Fragments of Colonization in Ray Bradbury’s “The Long Rain.”


Image from here

We weren’t meant for this; no Earthman was or ever will be able to take it.
                                                                                                                        -p.64
Article may contain spoilers

“The Long Rain,” one of Ray Bradbury’s famed short stories within the collection The Illustrated Man, is first and foremost a science fiction tale. This should be fairly obvious to the reader from the outset; all of the surrounding stories are science fiction, ranging in subject from artificial intelligence, virtual reality, to nuclear apocalypse, also the story is set on Venus (a dead giveaway, some say.) I believe that, intentionally or not, Bradbury has effectively used the short story form to give an allegory for colonization, from the vapid perspective of the colonizer.
            The Illustrated Man was written in 1950 and published in 1951. Although fairly removed from the traditional colonial sphere in America, Bradbury still collected the stories for publishing in the midst of a colonial overhaul; independence movements were springing up across Africa, Asia and the rest of the globe, with India already gaining independence from Britain in 1948, just three years prior to publishing.
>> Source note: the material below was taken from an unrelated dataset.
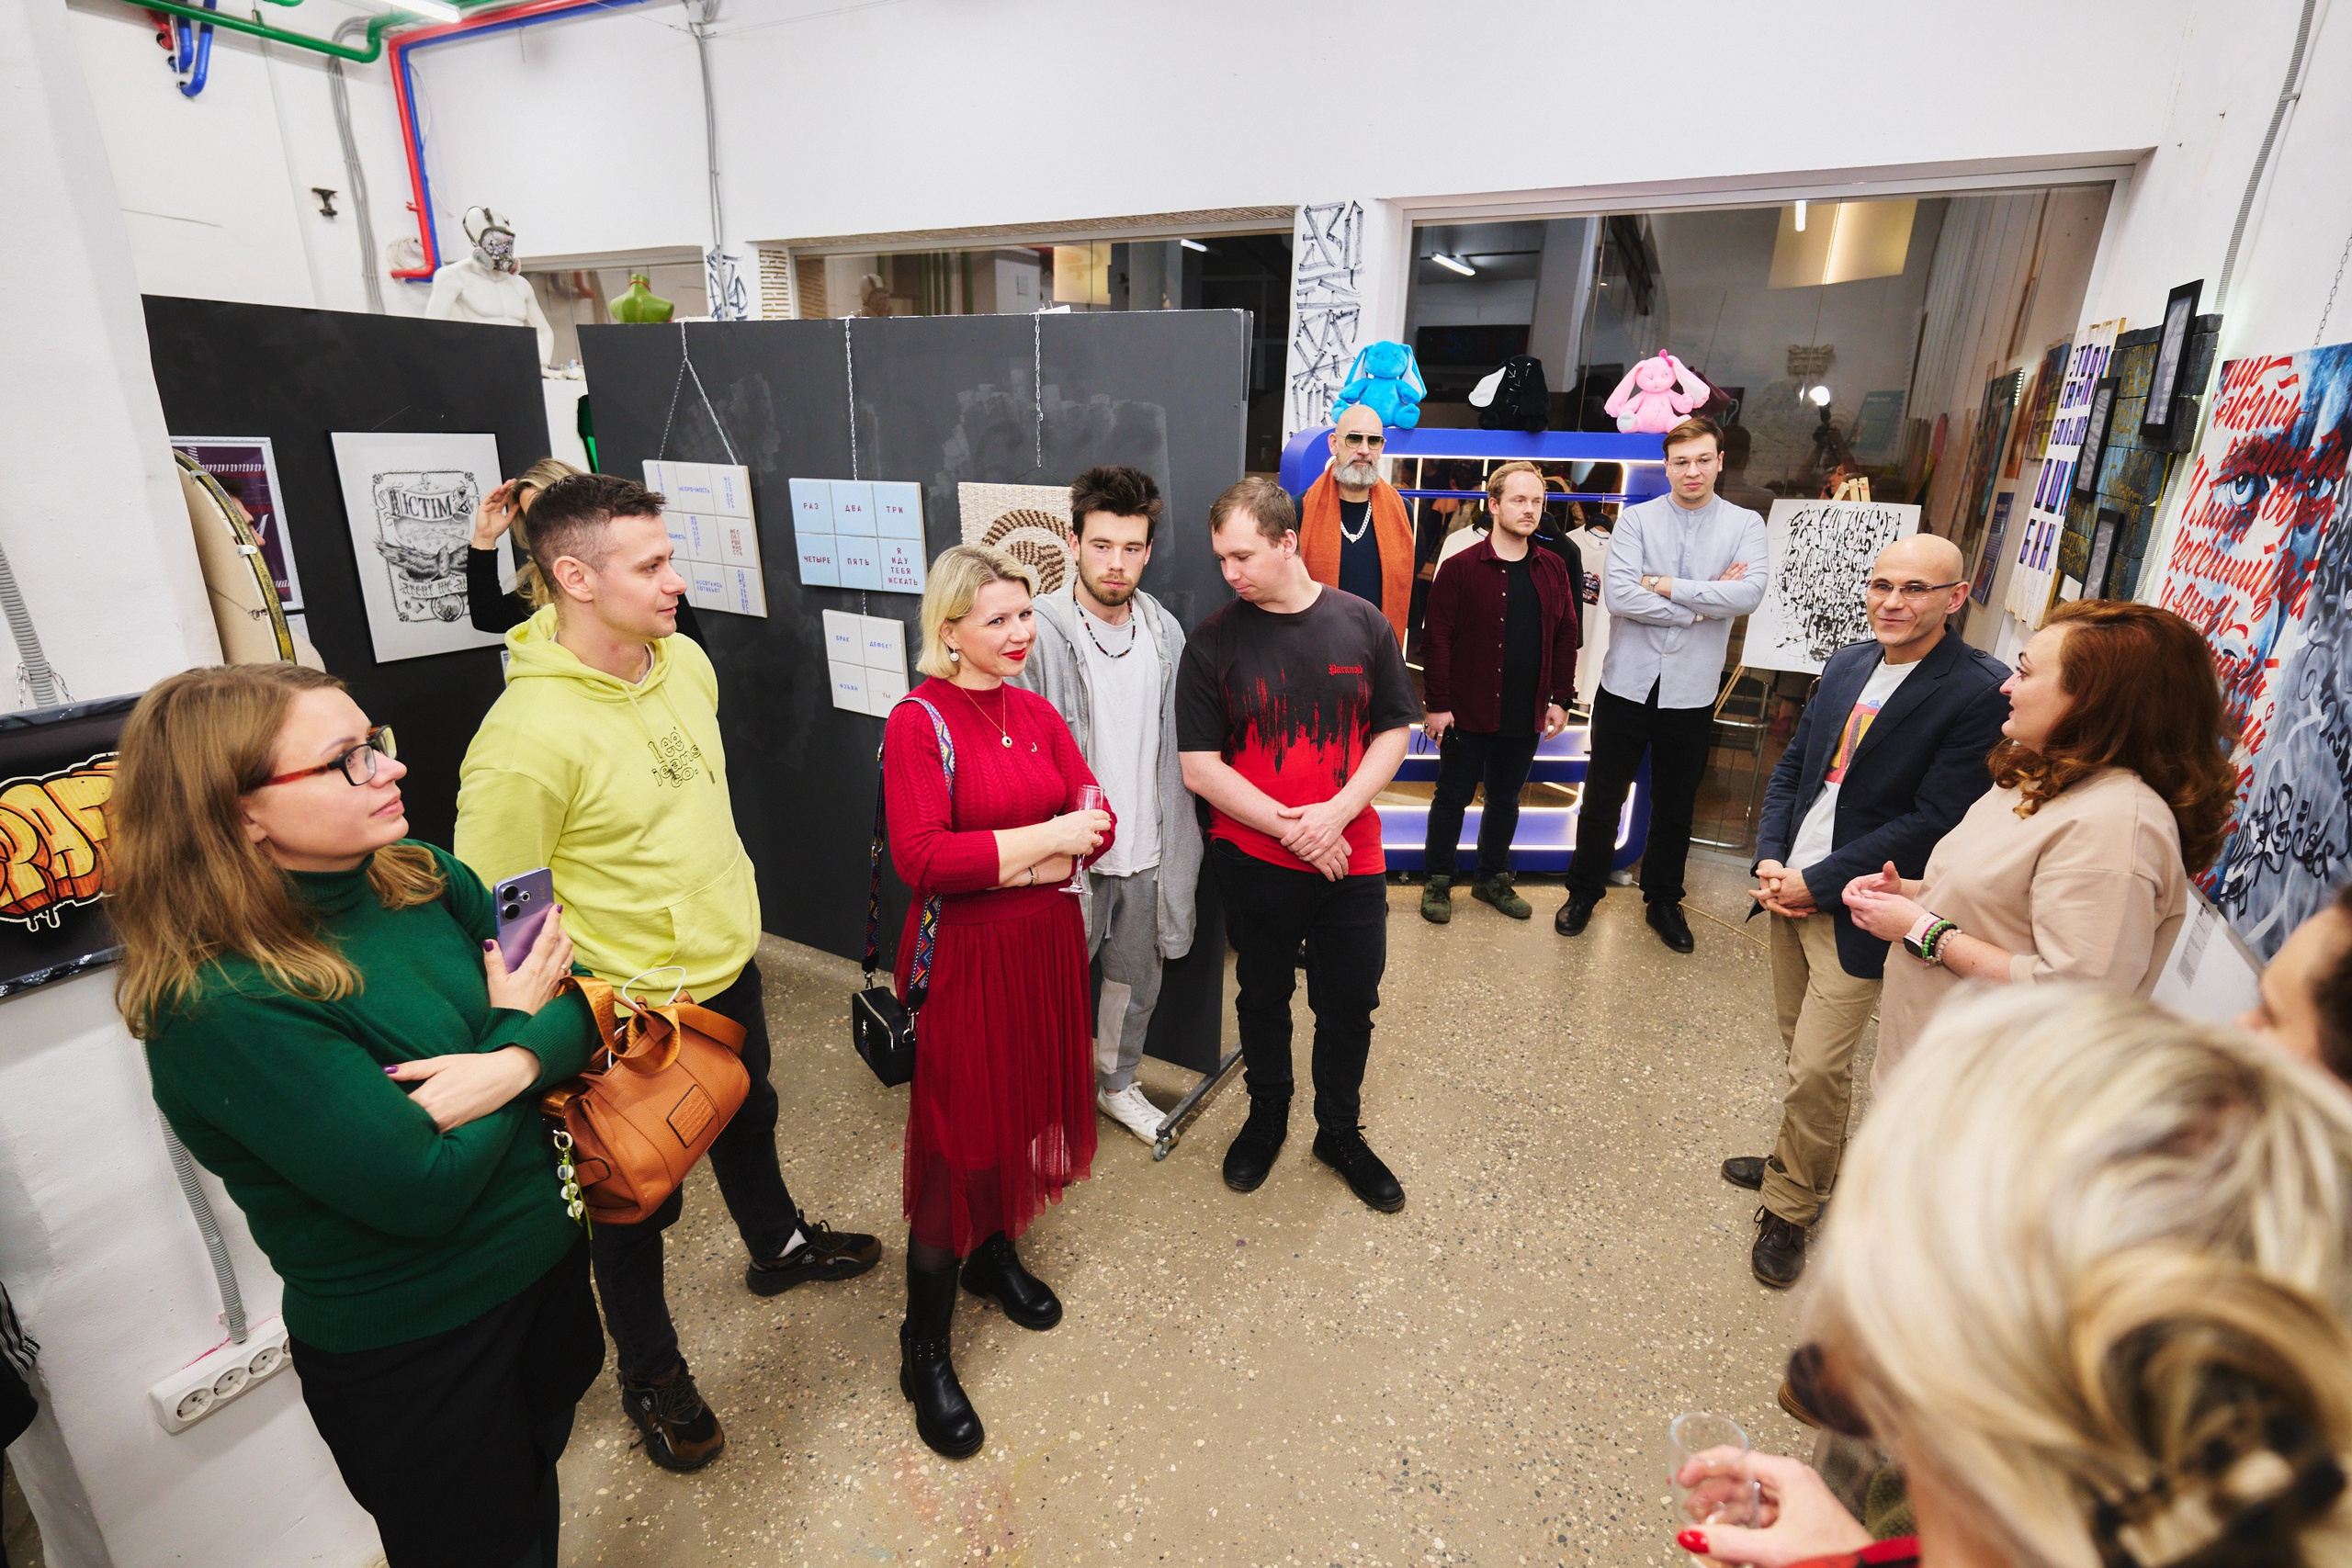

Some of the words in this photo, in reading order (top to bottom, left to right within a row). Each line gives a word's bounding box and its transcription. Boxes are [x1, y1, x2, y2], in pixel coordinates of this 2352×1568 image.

The twentieth century would continue to see revolutions and recedings as empires in their last formal appearance were beaten back. Although America was and is not usually seen to be an empire in comparison to the former empires of Britain, Germany and other nations, it isn’t impossible that the global backdrop to Bradbury’s working period worked it’s way into his writing thematically.
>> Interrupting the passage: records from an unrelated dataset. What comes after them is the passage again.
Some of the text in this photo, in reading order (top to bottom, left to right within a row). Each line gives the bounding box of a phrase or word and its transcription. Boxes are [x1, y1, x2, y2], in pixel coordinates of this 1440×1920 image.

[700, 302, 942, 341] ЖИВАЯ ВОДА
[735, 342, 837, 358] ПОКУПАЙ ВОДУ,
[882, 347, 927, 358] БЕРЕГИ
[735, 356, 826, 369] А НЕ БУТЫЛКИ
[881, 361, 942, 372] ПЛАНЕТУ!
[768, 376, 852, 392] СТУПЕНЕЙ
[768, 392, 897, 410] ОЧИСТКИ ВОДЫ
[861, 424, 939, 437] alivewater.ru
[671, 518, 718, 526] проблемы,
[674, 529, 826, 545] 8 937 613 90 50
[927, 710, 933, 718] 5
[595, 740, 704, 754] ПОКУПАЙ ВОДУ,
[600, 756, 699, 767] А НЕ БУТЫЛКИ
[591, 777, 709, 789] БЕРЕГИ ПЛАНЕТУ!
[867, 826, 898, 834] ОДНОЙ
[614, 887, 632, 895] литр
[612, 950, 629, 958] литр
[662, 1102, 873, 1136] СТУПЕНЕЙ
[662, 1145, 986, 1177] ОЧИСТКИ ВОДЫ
            The environment of Venus in “The Long Rain” is horrific and treacherous. Bradbury describes it thus:
           
The white, white jungle with the pale cheese- coloured leaves, and the earth carved of wet camembert, and the tree boles like immense toadstools- everything black and white. And how often could you see the soil itself? Wasn’t it mostly a creek, a stream, a puddle, a pool, a lake, a river, and then, at last, the sea?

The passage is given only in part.